Deep-nanometer-scale terahertz spectroscopy using a transistor geometry with metal nanogap electrodes

Terahertz (THz) spectroscopy is a powerful tool for characterizing electronic properties and vibronic excitations in various types of solids, liquids, and gases, and it has been extensively used not only for basic science but also for industrial applications. Recently, it has become necessary to understand electronic and vibronic excitations at the nanometer (nm) scale to realize state-of-the-art quantum nanodevices and the synthesis of new molecules for medicine.
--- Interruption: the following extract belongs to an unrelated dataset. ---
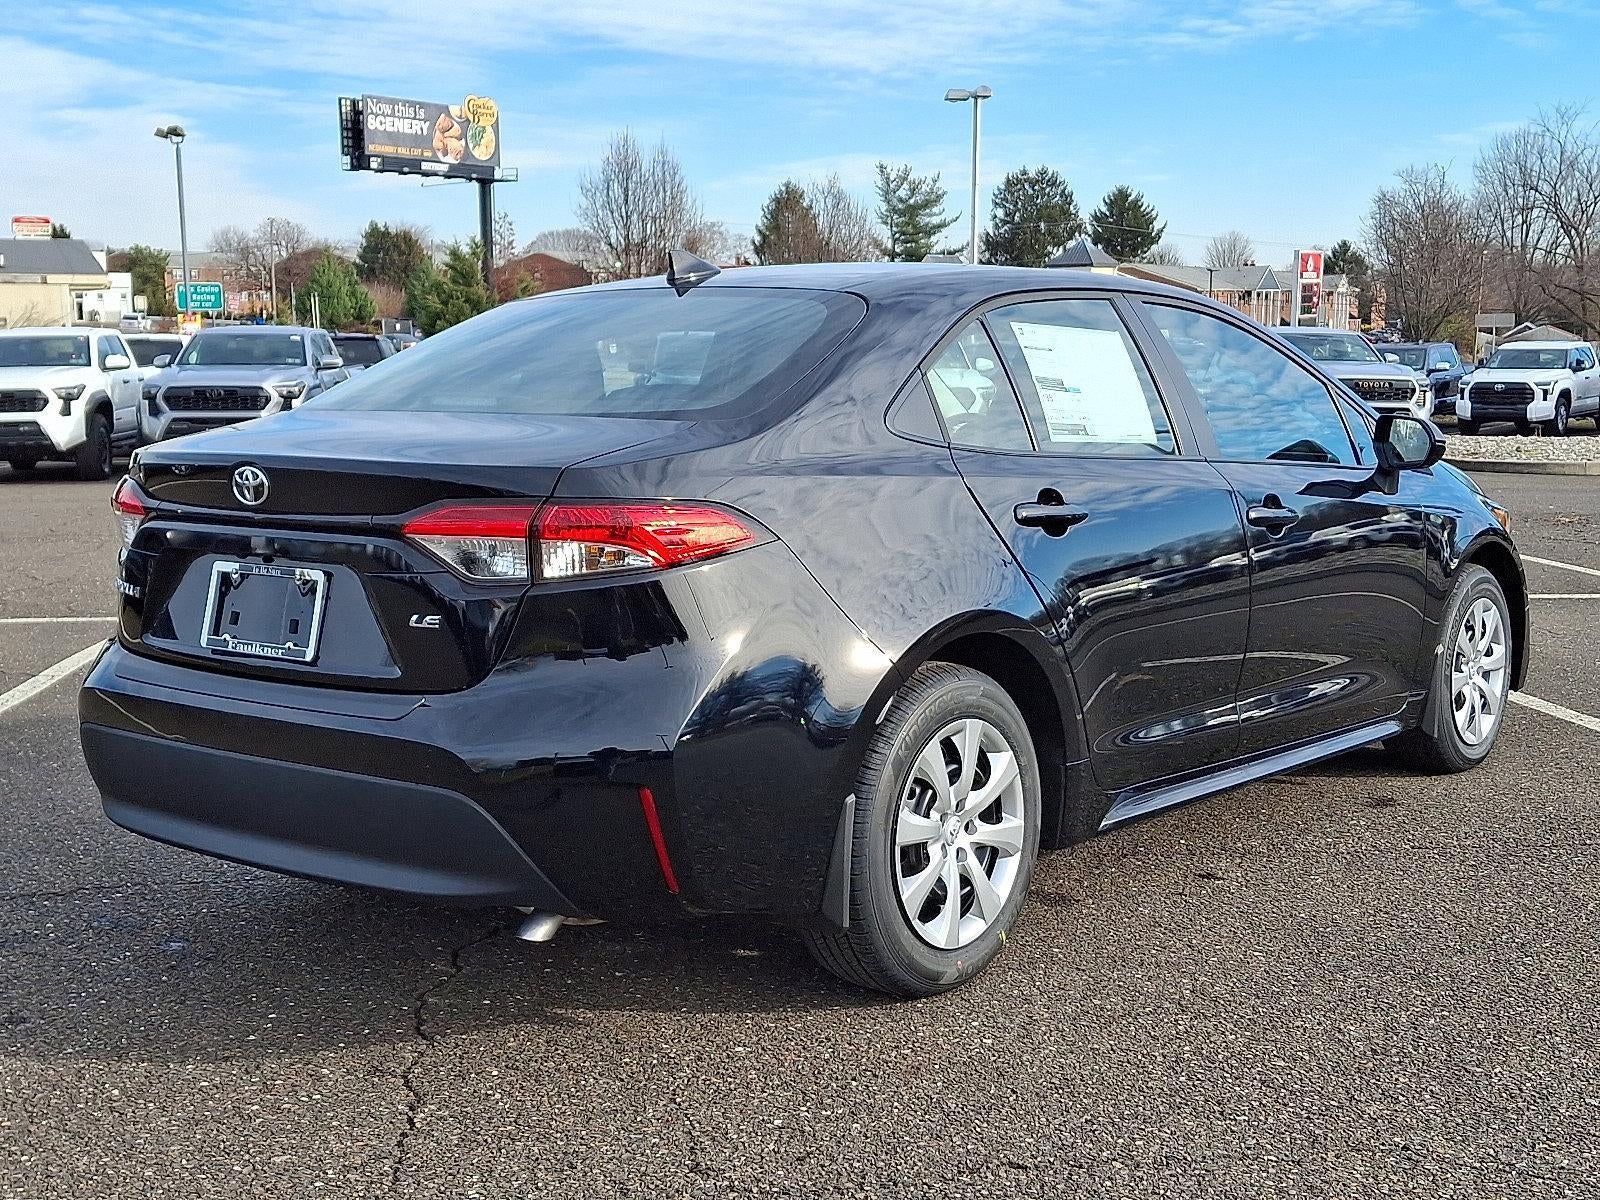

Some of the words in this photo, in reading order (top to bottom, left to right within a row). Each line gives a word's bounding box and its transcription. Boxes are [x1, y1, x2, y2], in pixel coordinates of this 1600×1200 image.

However, it is challenging to perform THz spectroscopy at the nm scale because the diffraction limit of electromagnetic waves hinders tight focusing of THz radiation at the nm scale. Here, we introduce a novel technique for THz spectroscopy using metal nanogap electrodes. Metal nanogap electrodes integrated with a THz antenna are employed to capture sensing targets, such as a single semiconductor quantum dot (QD) or molecule. Even extremely weak THz absorption can be detected with high sensitivity by measuring the THz-induced photocurrent through the sensing target. Taking advantage of THz-induced photocurrent spectroscopy, the electronic structures in single QDs as well as the vibrational states in single molecules are systematically investigated. The present characterization technology for nm-scale systems provides a key scientific foundation for creating nanodevices with new functions.